Existen pocos días en los que la sorpresa no se hace presente en alguna persona o lugar más o menos próximo. Imprevistos de distinto cariz y calibre, más o menos graves, que lógicamente nos pillan desprevenidos y que bien podríamos calificar como aquello que el futuro esconde.
Nosotros los humanos, tenemos montada la existencia como una continuidad de hechos y comportamientos. Diseñamos el futuro como una prolongación del presente y este mismo como herencia del pasado, todo ello consecuencia de haber sido educados para vivir en una sociedad sin sobresaltos, con las necesidades cubiertas cuanto menos a corto plazo. Esta filosofía calculadora y controladora de la vida nos hace por ello demasiado vulnerables a esos hechos inesperados pues suponen una desviación al plan que teníamos preestablecido. Y es que la vida, aquella que aún nos queda por vivir, tiene diseñado uno propio y desconocido que siempre se acaba imponiendo. Es la doble línea vital que traza por un lado lo que nosotros deseamos y a veces conseguimos y aquella que el futuro nos tiene preparado de la que ignoramos, tanto el recorrido como su duración, una línea que al fin y a la postre conduce a nuestro final, siempre.

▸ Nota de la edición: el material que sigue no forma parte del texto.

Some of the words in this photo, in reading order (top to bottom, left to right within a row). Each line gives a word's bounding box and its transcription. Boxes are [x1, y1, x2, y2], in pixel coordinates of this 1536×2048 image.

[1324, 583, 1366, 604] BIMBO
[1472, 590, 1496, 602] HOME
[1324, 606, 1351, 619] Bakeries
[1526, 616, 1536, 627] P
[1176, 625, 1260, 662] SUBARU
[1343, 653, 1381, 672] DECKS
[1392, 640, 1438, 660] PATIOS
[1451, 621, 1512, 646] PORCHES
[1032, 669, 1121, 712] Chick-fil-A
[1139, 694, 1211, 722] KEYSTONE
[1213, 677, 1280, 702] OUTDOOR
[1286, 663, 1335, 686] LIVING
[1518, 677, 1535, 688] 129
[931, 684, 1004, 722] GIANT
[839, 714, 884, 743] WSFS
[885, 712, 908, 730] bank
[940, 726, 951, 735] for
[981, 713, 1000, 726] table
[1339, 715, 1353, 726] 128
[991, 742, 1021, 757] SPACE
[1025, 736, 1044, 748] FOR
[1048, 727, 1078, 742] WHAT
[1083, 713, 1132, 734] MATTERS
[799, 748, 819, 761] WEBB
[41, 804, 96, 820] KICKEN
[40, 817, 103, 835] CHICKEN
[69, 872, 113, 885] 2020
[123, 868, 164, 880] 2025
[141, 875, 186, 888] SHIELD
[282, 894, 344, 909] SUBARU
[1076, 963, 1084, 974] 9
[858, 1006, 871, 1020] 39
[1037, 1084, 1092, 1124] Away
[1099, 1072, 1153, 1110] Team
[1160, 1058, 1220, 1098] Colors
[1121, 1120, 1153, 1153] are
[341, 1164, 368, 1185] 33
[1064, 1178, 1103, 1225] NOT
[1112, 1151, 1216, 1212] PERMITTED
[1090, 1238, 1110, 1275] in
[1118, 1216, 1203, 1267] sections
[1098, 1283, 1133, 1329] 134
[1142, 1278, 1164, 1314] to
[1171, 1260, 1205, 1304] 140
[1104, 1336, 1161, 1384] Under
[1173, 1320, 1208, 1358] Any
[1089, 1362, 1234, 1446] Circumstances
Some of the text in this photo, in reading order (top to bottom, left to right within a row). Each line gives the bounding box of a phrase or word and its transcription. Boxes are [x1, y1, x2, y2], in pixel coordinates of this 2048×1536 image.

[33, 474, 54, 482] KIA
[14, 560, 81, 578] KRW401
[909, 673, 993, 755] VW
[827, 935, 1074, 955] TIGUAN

La enfermedad aparece en nuestras mesas cual comensal que no ha sido invitado. Supone, además de un contratiempo personal, un golpe a la apuesta por la ciencia y el progreso, un progreso que conlleva en muchas ocasiones lograr vencer las derivas naturales a base de talento e ingenio.
Un entusiasmo legítimo y necesario que sin embargo hace olvidar a veces el hecho de formar parte de una naturaleza de la que no podemos huir y de la que somos completamente dependientes. Los científicos avanzan en sus descubrimientos pero esa naturaleza se muestra con demasiada frecuencia igual de primitiva recordando que es ella la que en definitiva hace y deshace nuestros sueños.